The DaS acoustical algorithm used in the device results in a loudspeaker with a constant power in all directions in the polar plane. The number sequences used have the unique property that the Fourier coefficients are equal in all directions. The Fourier transformation does not specify the exact location in time of the signal within the Fourier Window. The key difference to conventional loudspeakers is that the signal “timing/phase” is “variable” in the polar plane. Each frequency has its own unique “flapping” motion releasing variable polar delayed acoustic energy into the listening room, at different polar angles. The result is a completely de-correlated sound field in every polar direction (i.e., no two directions are copies of each other).
Harmonically Driven Behavior (DaS)
DaS uses constant power with TDP sound fields. “Correlation” is the same as “specular” reflection wherein both the direct and reflected energy are substantially the same in shape. “Decorrelated” is the same as “non-specular” reflections wherein the reflected energy has nothing, or very little to do with, the direct energy.

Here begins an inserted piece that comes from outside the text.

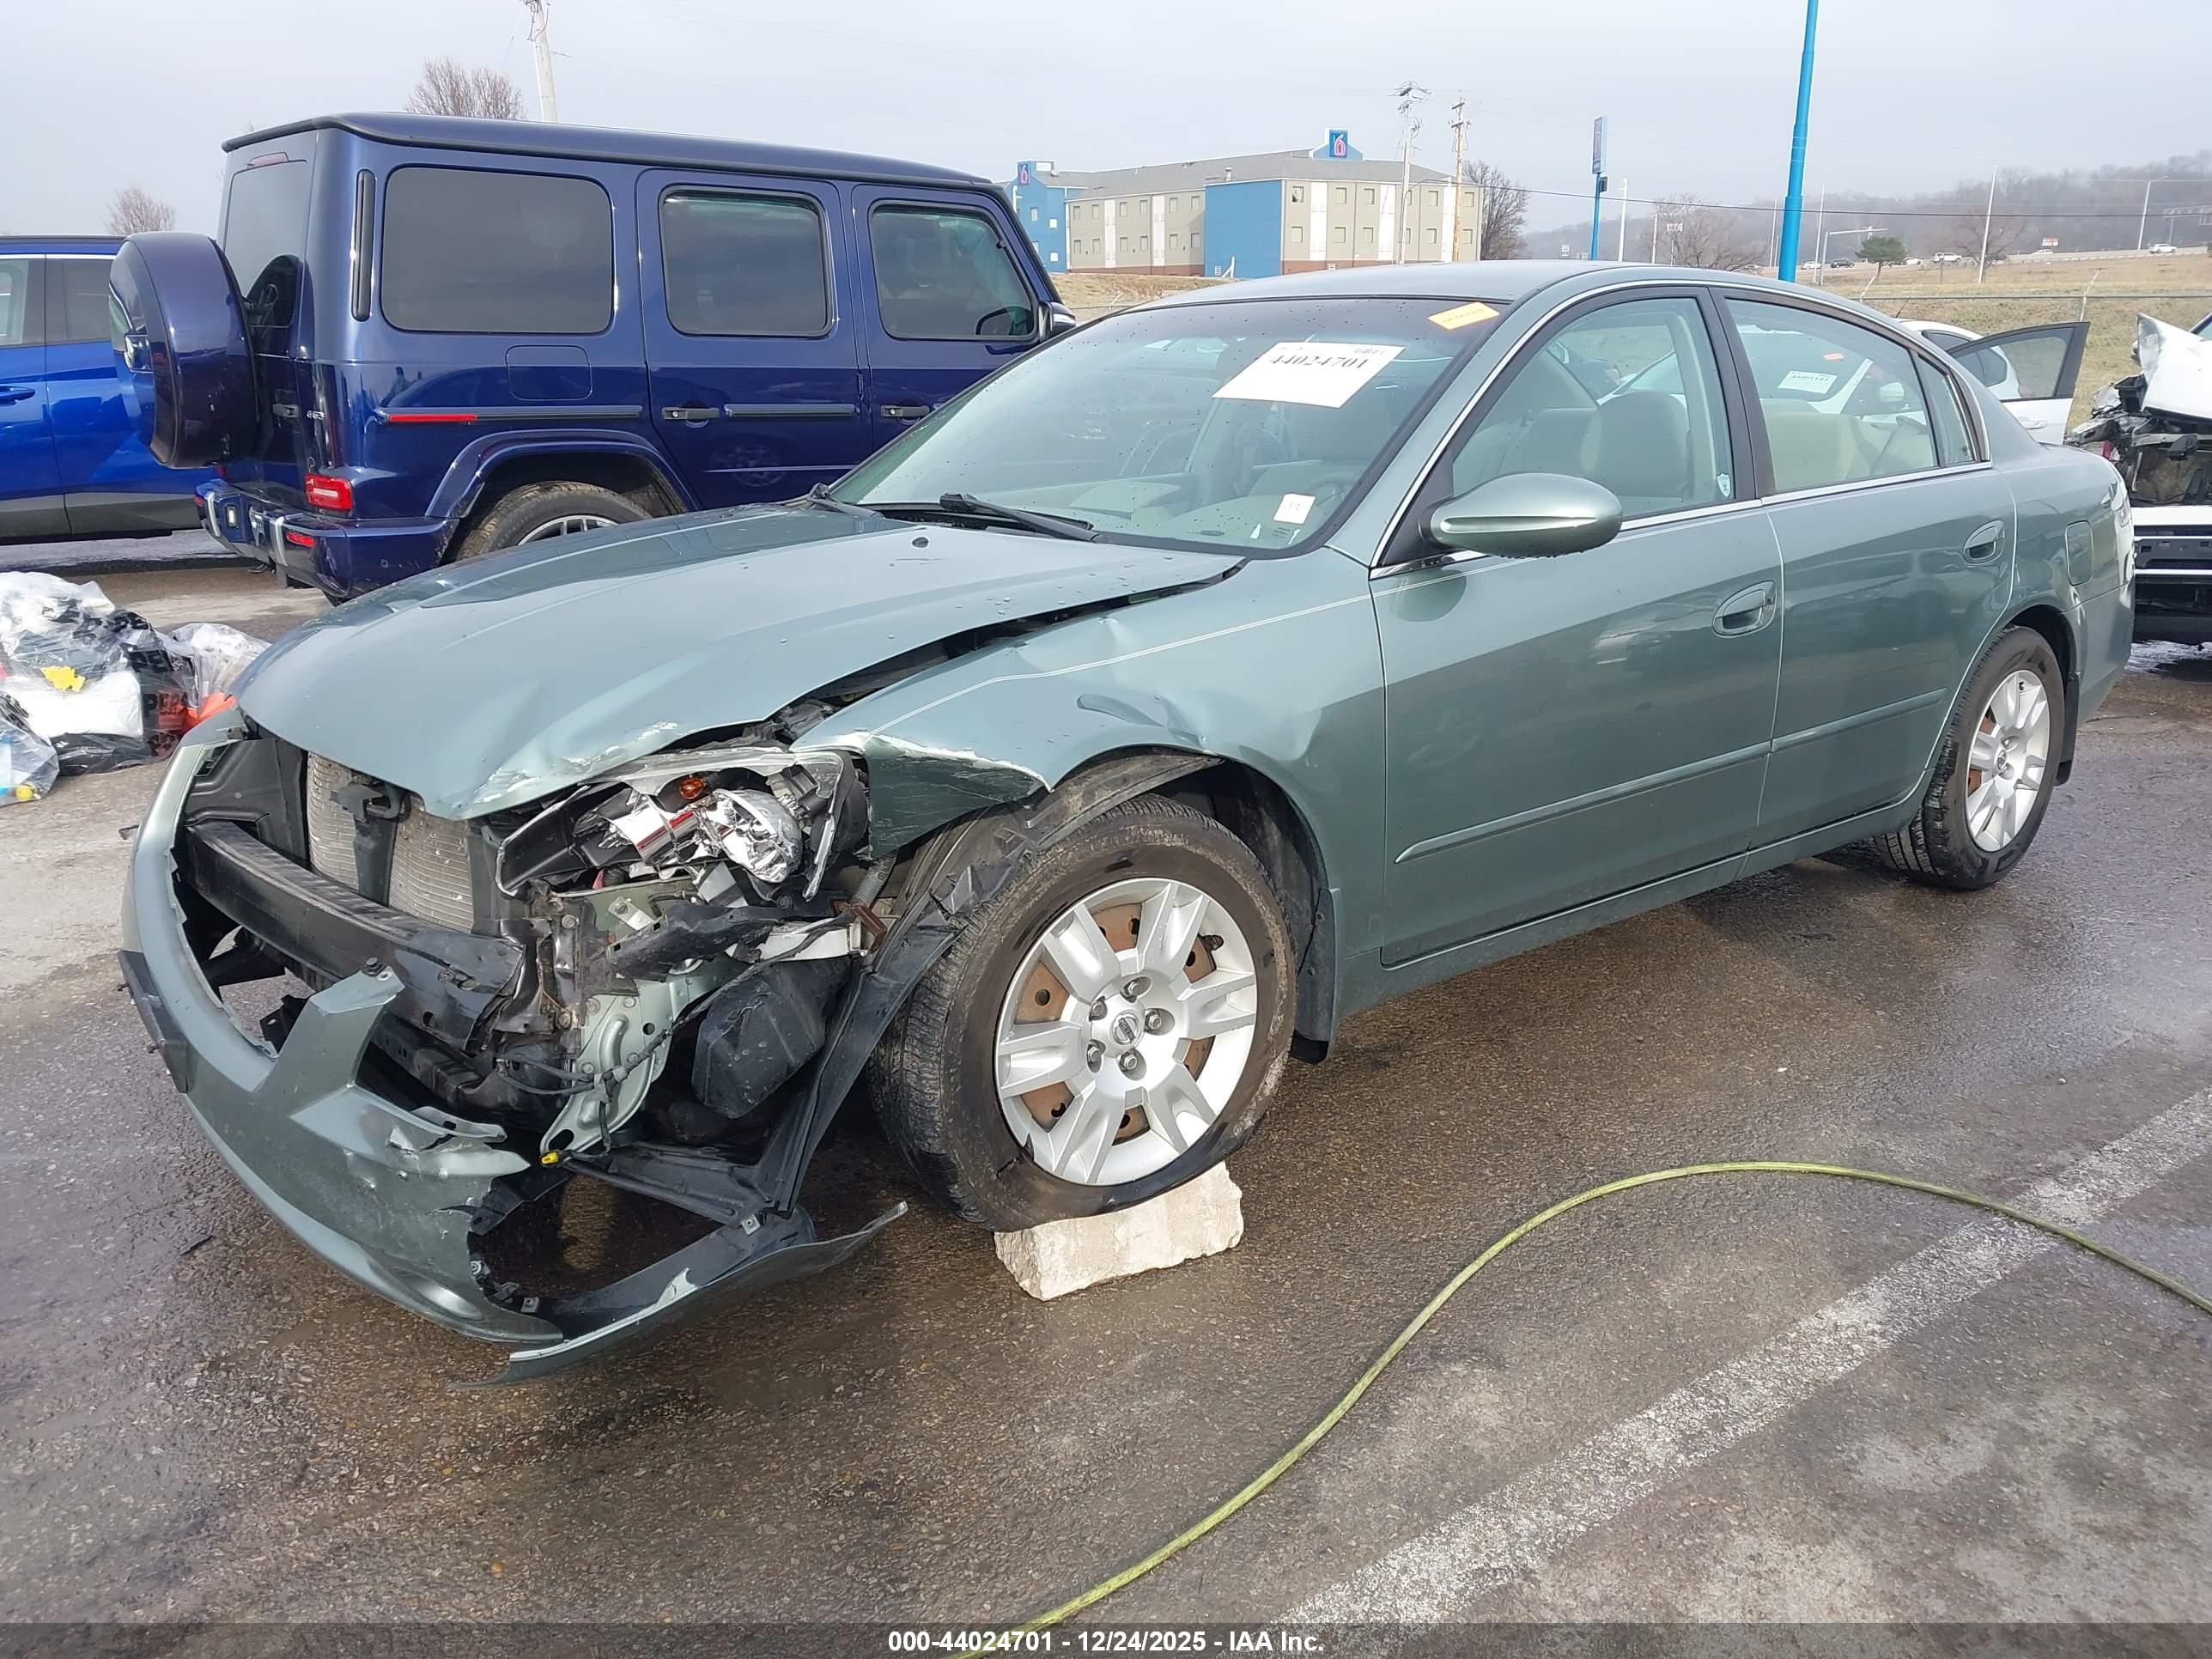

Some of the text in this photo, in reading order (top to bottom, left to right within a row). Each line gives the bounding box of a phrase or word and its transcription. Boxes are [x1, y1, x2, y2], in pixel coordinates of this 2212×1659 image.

We have used COMSOL to build simulations of DaS sound fields. Figure 2 shows a conventional TCP loudspeaker on the left and a DaS TDP loudspeaker on the right. For the sake of simplicity, we used a harmonically driven source containing three frequencies of equal amplitude — 9kHz, 11kHz, and 15kHz. As Dr. Toby Gifford very eloquently puts it, “looks like one half of the vinyl record got left in the sun!”
When a harmonically driven (constant signal or steady state response) audio signal occurs, acoustic energy is released at different “time/phases” in the polar plane. Each frequency has its own unique spatial shape.
As expected, in the left-hand image (TCP) of Figure 2, the sound field is exactly the same in each polar direction. In the right-hand image (DaS/TDP) of Figure 2, you can see both the bent elliptical nature of the three different frequencies, and most important, how each polar direction is completely different (decorrelated) in the sound field. It is physically impossible, even in a perfectly flat glass-walled listening room, for the reflected room energy from a DaS loudspeaker to be the same as the direct sound one would hear standing at one particular polar angle. Yes, DaS can turn a glass-clad room into an ideal acoustic environment, through the loudspeaker itself.
One huge benefit of the bending of time (TDP) is that echo-locating the source of the sound (the loudspeaker) becomes near impossible. “Out of box” sound becomes dominant, wherein the sound appears to have completely detached itself from the loudspeaker source.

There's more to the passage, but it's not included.